== What you need to do ==
From the line that contains "this 2354×1568 image." down to the final line below, please repeat each line exactly and nothing more, with no pictures.
*****
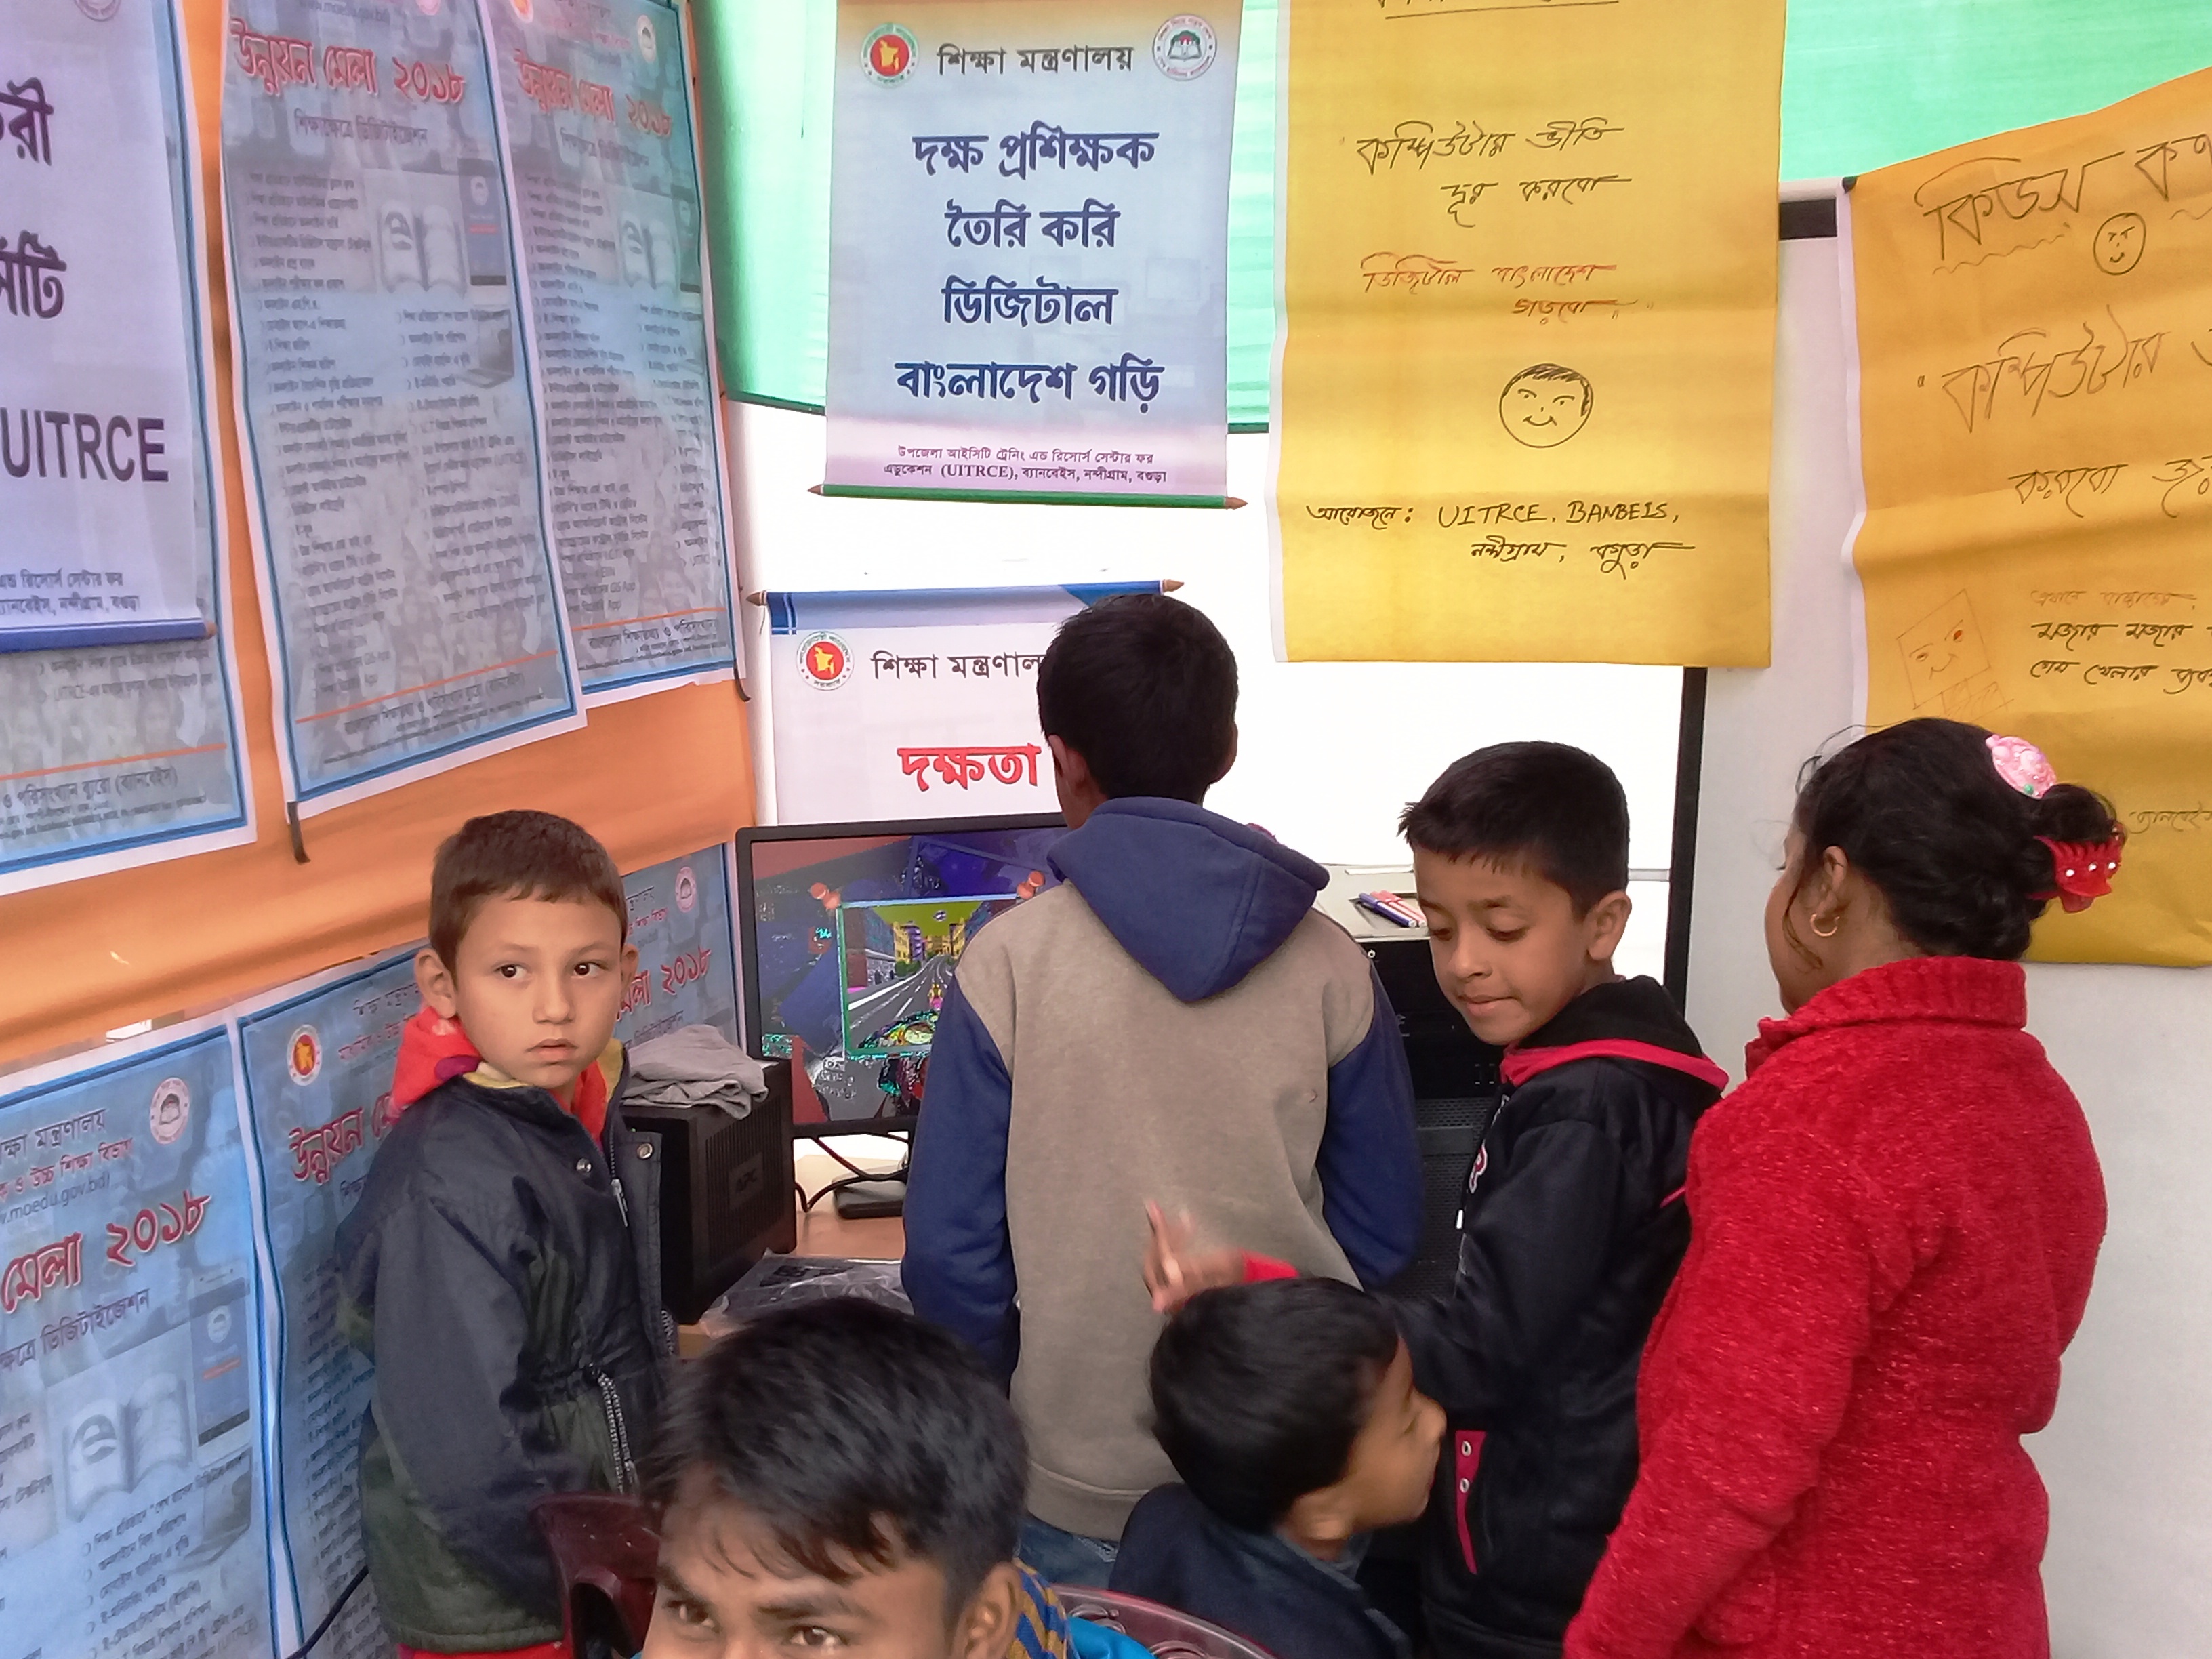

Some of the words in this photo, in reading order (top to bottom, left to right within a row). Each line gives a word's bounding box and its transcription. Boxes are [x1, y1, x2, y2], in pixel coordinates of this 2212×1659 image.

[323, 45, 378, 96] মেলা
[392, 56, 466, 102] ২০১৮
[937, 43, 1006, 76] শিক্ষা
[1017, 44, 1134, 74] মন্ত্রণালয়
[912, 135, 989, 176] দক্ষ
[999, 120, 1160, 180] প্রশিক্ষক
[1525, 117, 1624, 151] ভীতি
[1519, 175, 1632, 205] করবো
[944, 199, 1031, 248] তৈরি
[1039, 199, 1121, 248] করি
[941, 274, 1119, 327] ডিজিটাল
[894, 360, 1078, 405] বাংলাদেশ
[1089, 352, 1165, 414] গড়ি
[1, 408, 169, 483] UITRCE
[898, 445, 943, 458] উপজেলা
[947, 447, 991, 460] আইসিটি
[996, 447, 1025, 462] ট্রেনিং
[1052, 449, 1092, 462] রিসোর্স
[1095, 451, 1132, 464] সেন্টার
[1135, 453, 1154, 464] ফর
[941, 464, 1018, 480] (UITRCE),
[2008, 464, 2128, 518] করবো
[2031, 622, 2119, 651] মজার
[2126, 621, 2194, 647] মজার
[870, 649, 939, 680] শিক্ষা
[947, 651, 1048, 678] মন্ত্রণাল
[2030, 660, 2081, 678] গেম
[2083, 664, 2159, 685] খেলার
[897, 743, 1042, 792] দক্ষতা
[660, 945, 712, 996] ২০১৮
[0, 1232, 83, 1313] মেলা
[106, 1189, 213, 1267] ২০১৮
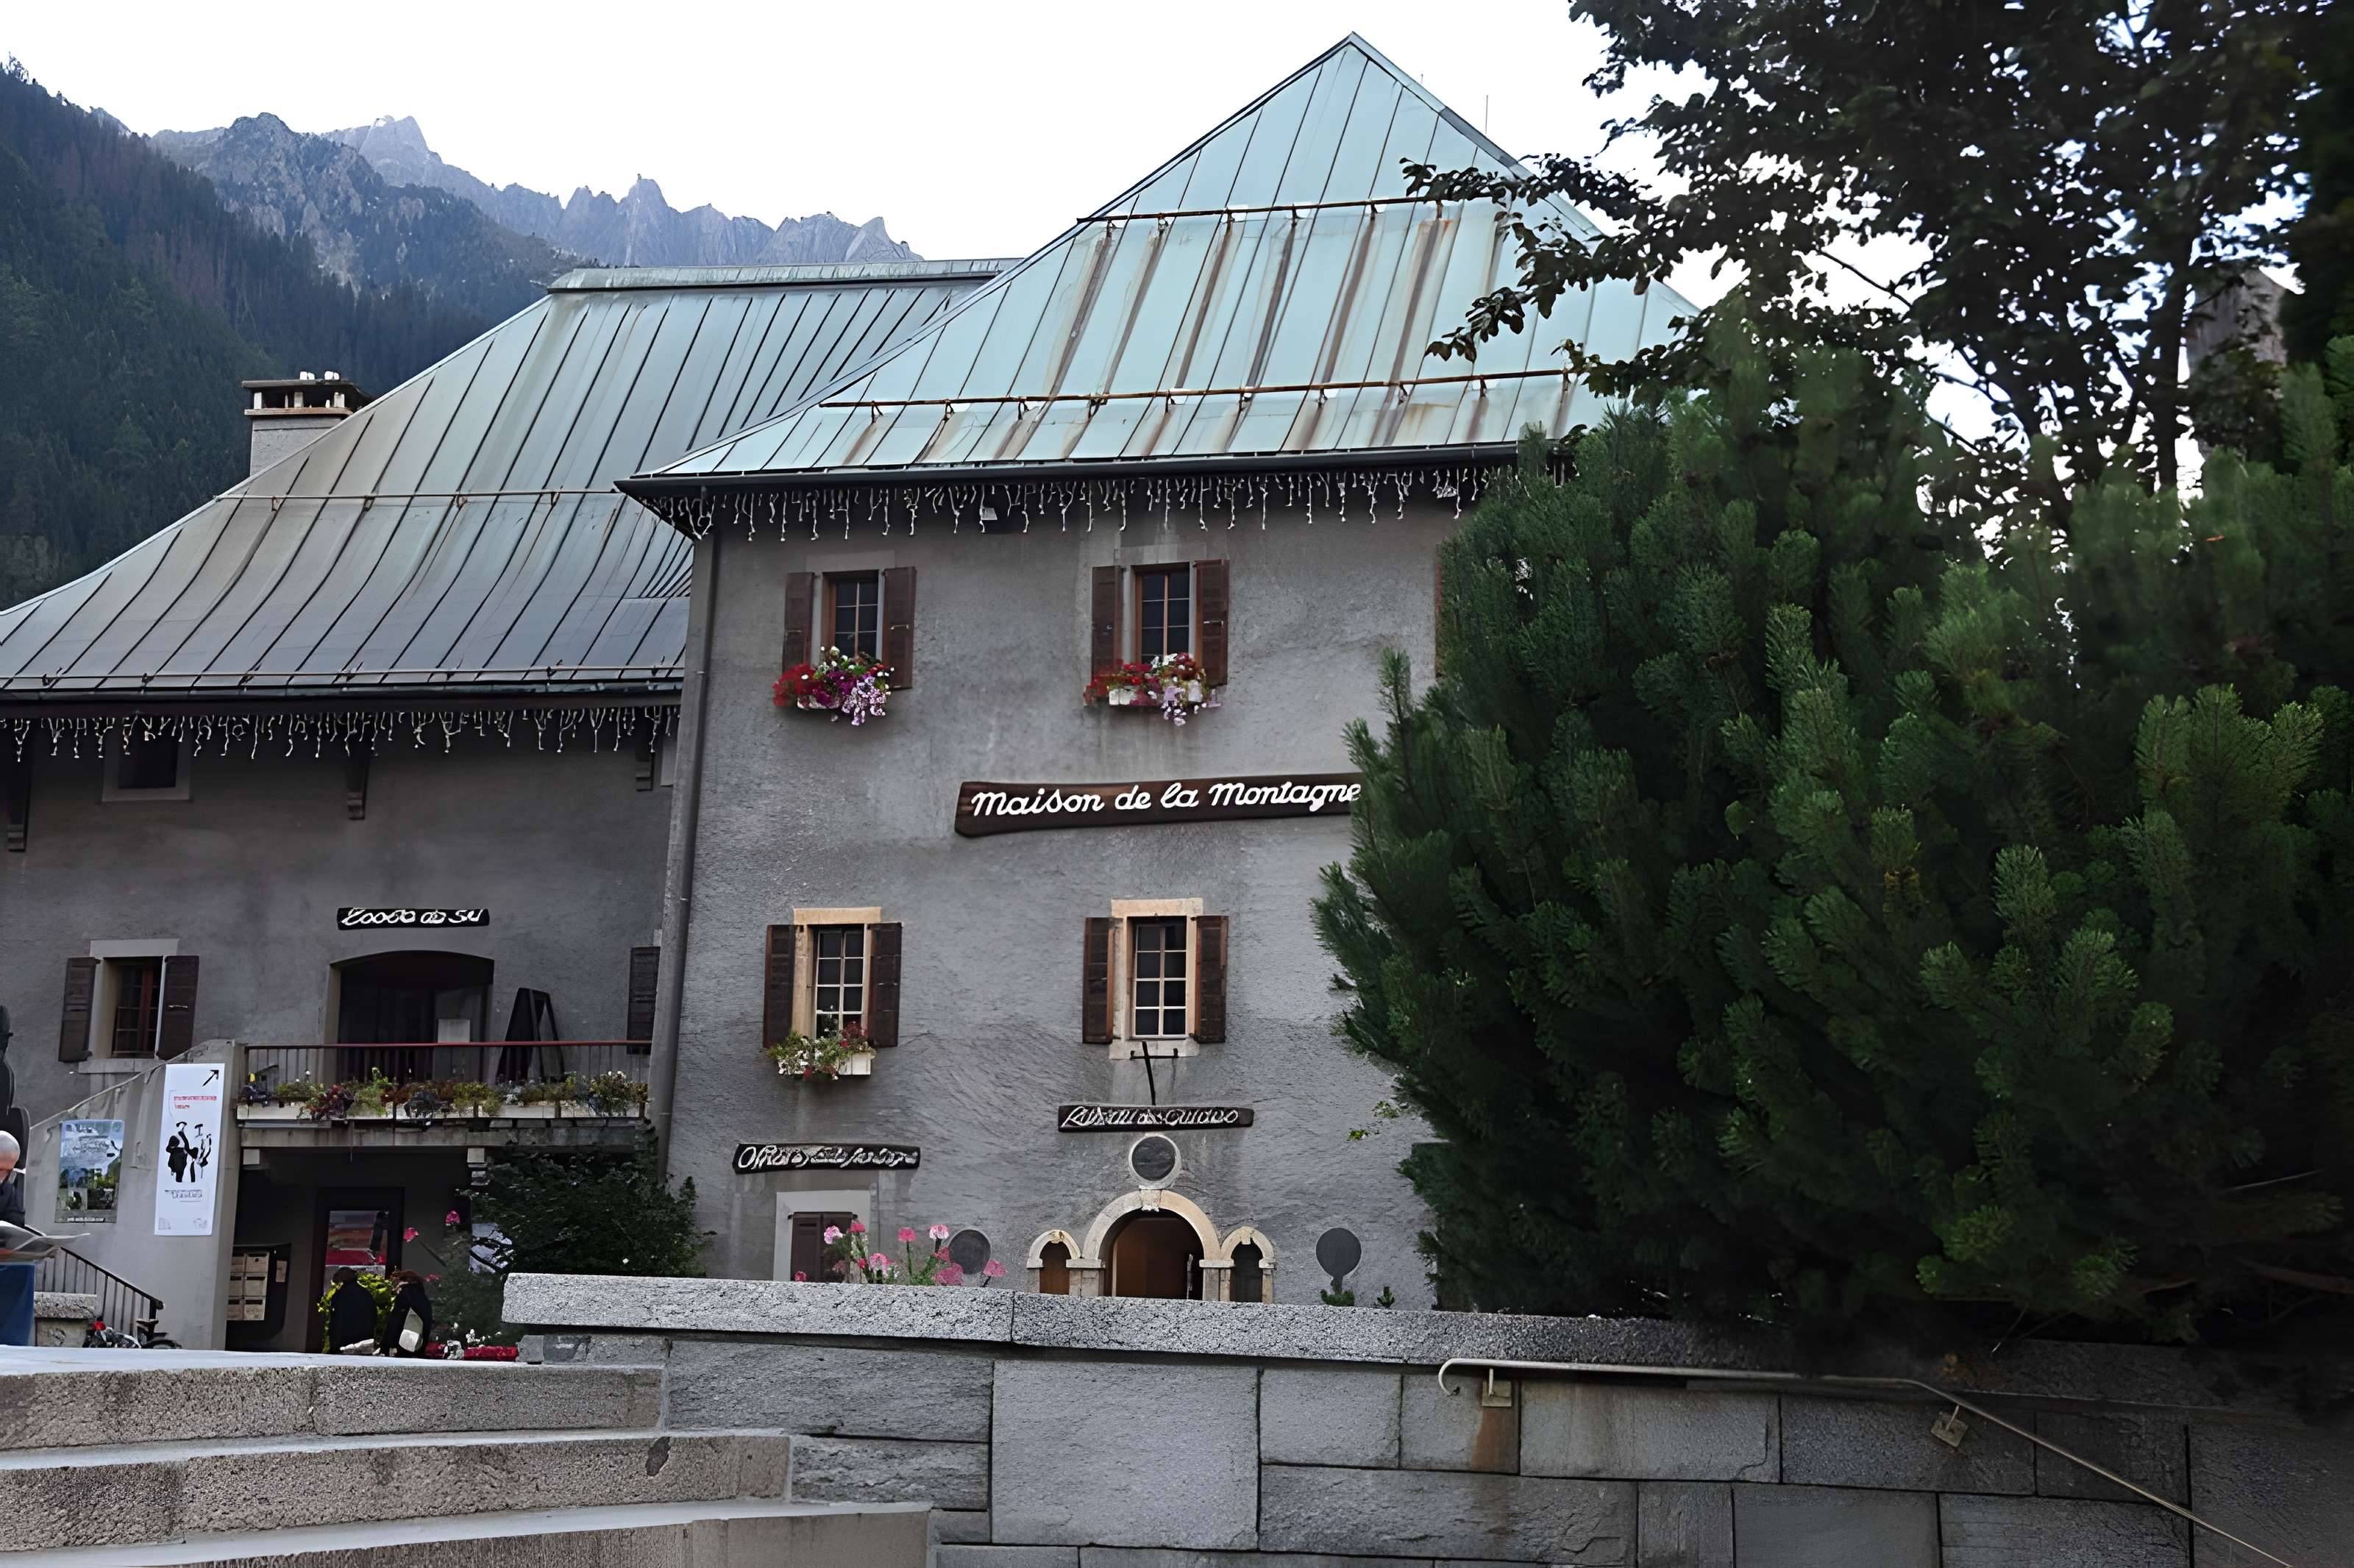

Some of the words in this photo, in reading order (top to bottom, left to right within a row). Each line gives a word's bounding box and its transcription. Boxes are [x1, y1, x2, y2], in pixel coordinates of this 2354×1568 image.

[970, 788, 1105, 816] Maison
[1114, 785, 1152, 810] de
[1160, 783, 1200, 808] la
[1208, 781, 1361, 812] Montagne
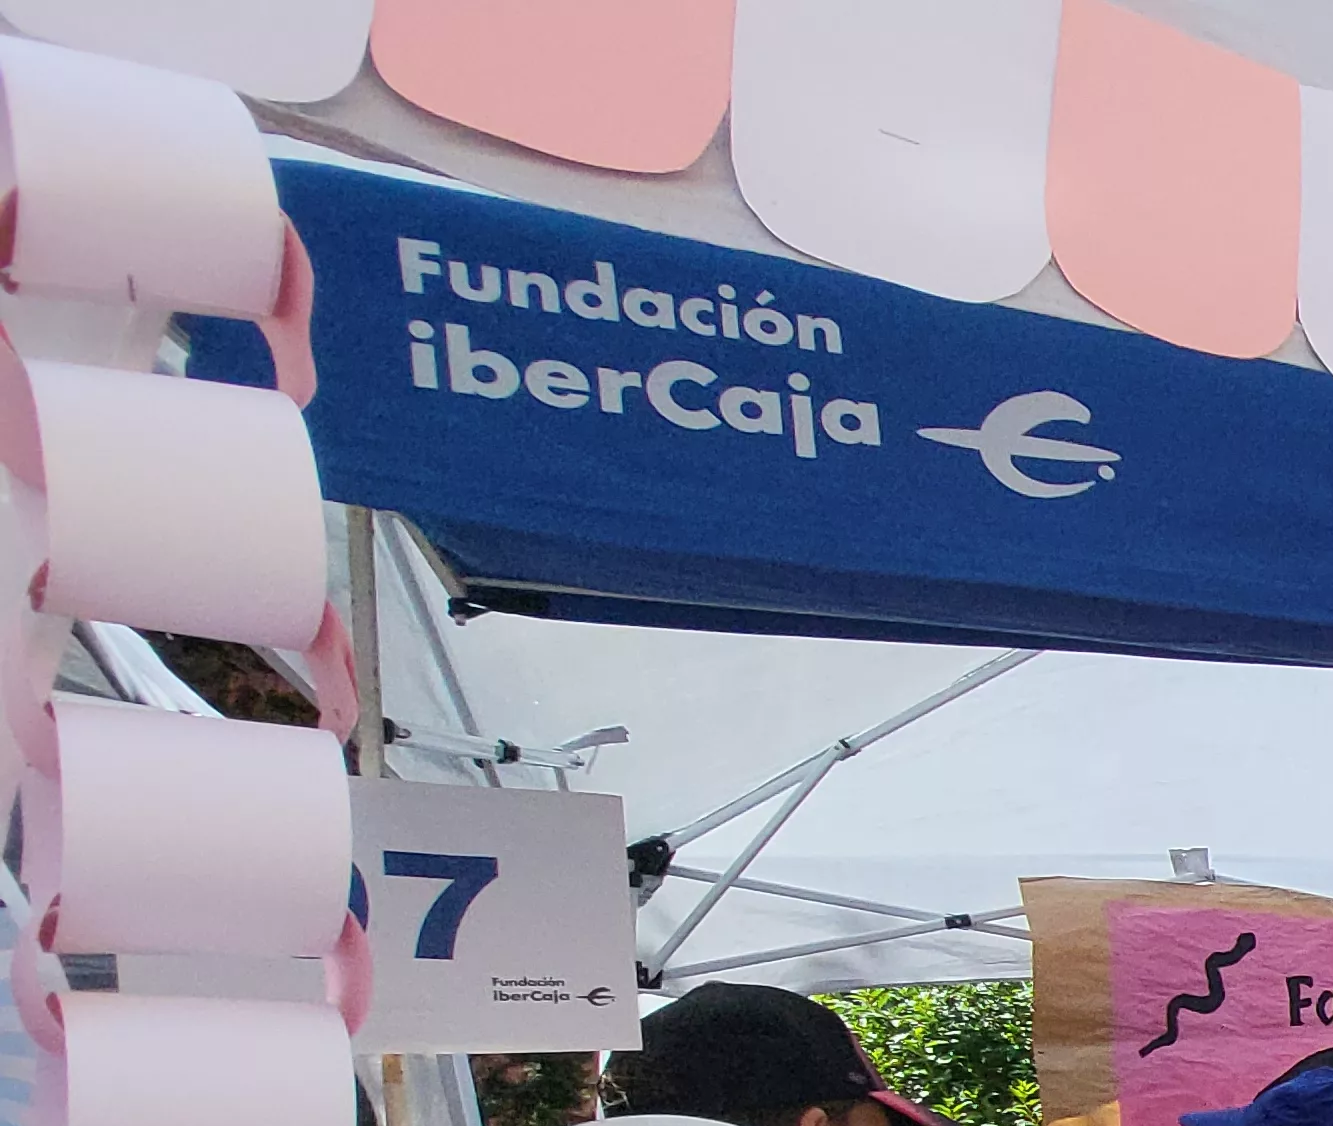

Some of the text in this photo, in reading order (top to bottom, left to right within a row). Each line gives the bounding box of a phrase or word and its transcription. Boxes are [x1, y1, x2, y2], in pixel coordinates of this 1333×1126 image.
*****
== Answer ==
Some of the words in this photo, in reading order (top to bottom, left to right within a row). Each line gives a word's bounding box and its transcription. Boxes are [x1, y1, x2, y2], in pixel coordinates of this 2354×1568 image.

[970, 788, 1105, 816] Maison
[1114, 785, 1152, 810] de
[1160, 783, 1200, 808] la
[1208, 781, 1361, 812] Montagne

Some of the text in this photo, in reading order (top to bottom, left to right within a row). Each line gives the bounding box of a phrase or word and its transcription. Boxes are [x1, y1, x2, y2], in pixel coordinates of this 1333×1126 image.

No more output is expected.